Data items:
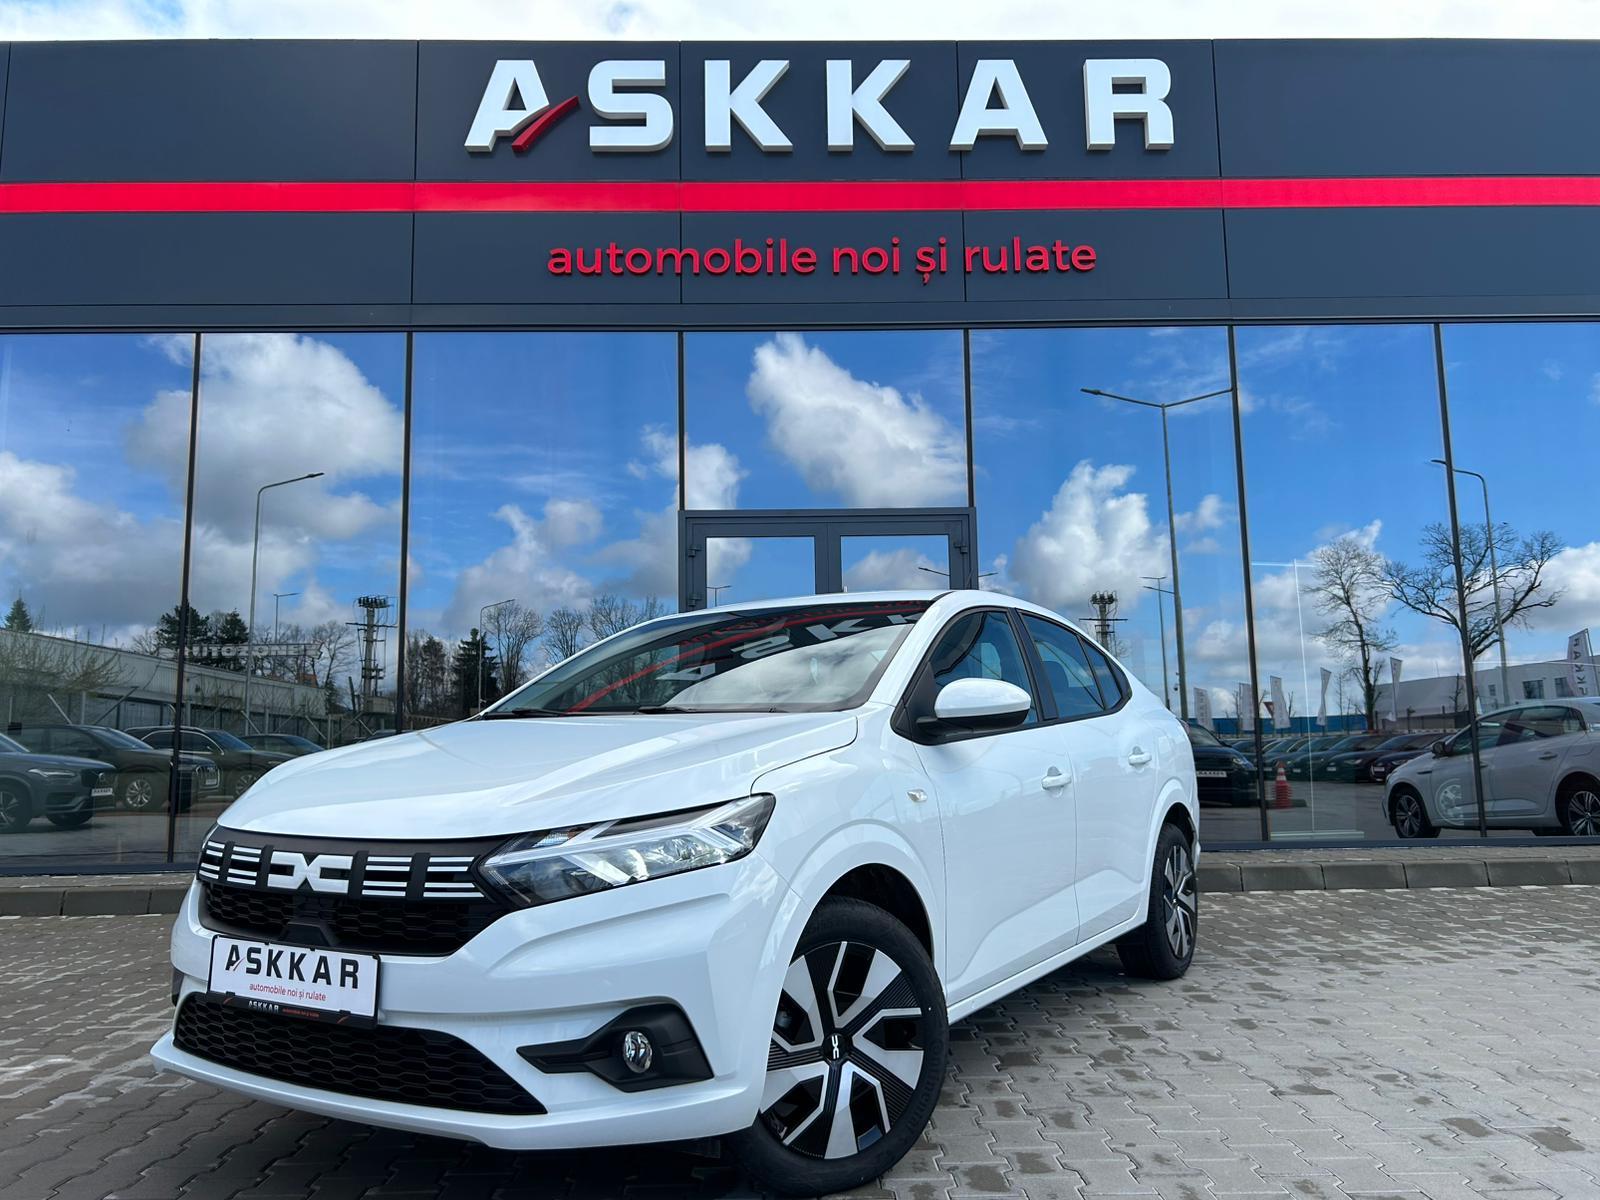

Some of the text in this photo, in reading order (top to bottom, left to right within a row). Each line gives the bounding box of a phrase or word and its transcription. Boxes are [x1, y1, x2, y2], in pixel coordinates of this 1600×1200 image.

[464, 58, 1175, 152] ASKKAR
[547, 236, 1097, 285] automobile noi și rulate
[225, 944, 359, 989] ASKKAR
[248, 1000, 279, 1013] ASKKAR
[249, 983, 286, 996] automobile
[286, 988, 298, 997] noi
[305, 991, 327, 1001] rulate
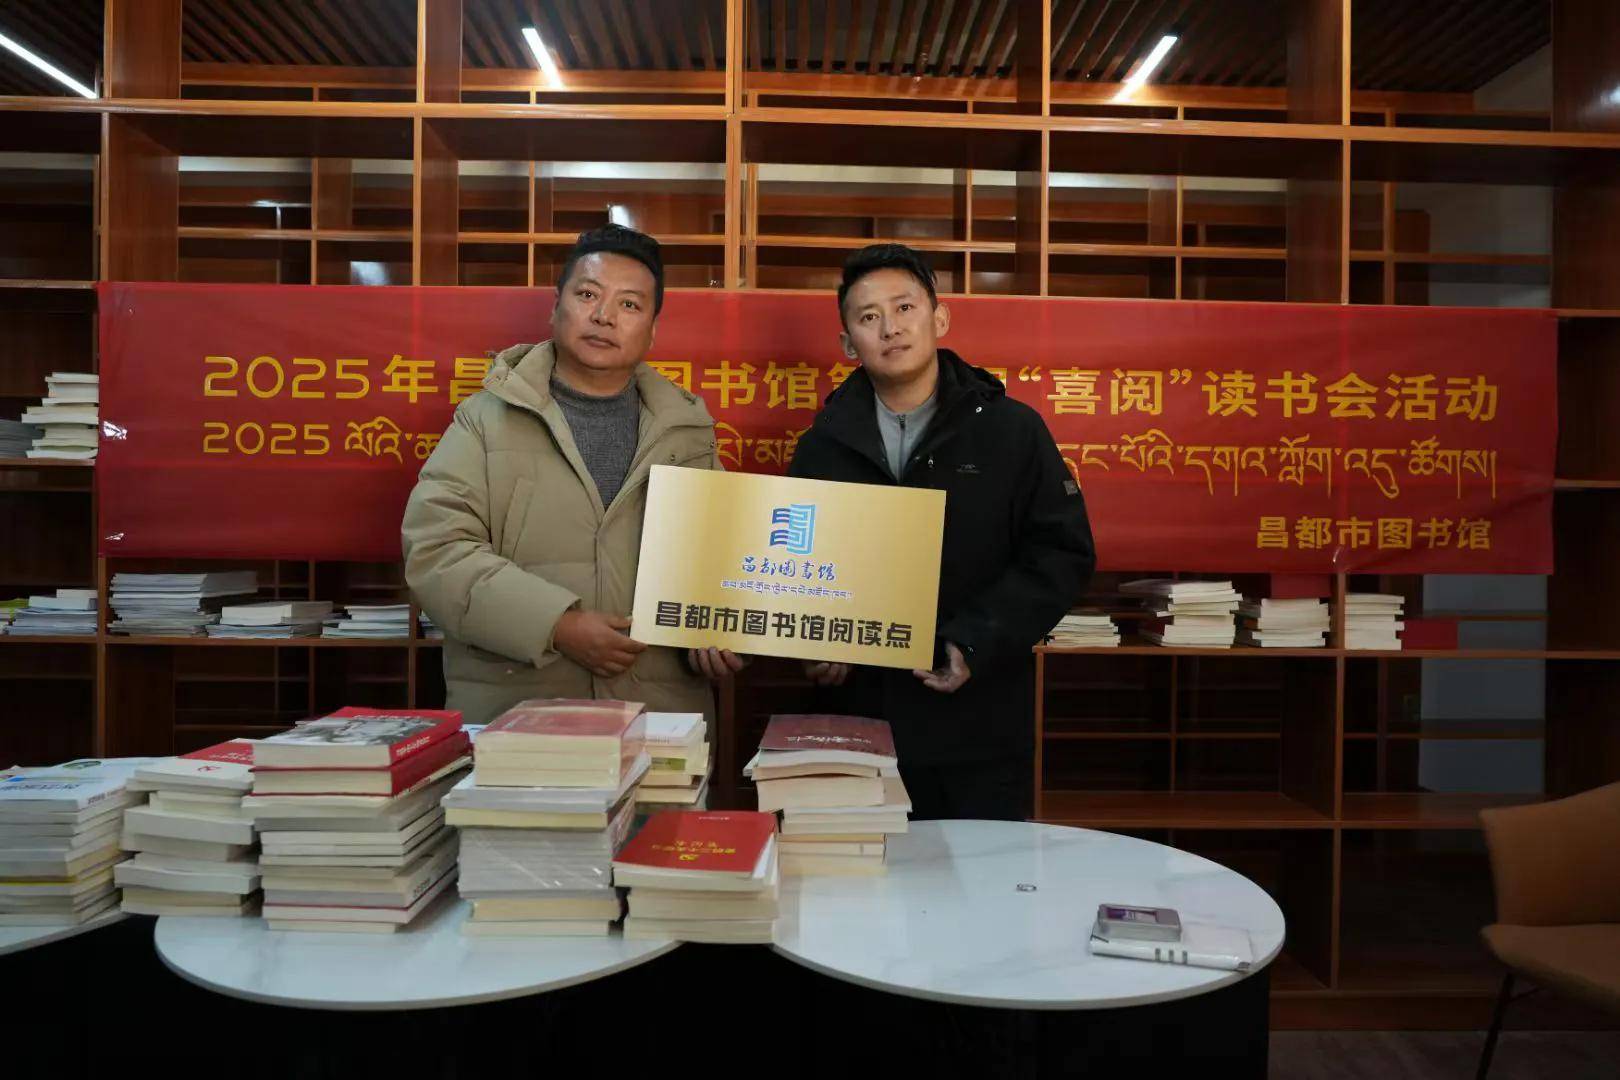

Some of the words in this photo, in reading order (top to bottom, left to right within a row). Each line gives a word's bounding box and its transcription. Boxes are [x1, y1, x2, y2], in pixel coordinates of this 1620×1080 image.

=== Your objective ===
What is needed is an exact copy of every entry, with the pictures removed.

=== Written answer ===
Some of the text in this photo, in reading order (top to bottom, left to right within a row). Each line gives the bounding box of a phrase or word and its transcription. Boxes are [x1, y1, x2, y2], in pixel coordinates of this 1600×1200 image.

[464, 58, 1175, 152] ASKKAR
[547, 236, 1097, 285] automobile noi și rulate
[225, 944, 359, 989] ASKKAR
[248, 1000, 279, 1013] ASKKAR
[249, 983, 286, 996] automobile
[286, 988, 298, 997] noi
[305, 991, 327, 1001] rulate

Some of the words in this photo, in reading order (top to bottom, left to right within a row). Each line gives a word's bounding box and its transcription. Boxes are [x1, y1, x2, y2], in pixel coordinates of this 1620×1080 image.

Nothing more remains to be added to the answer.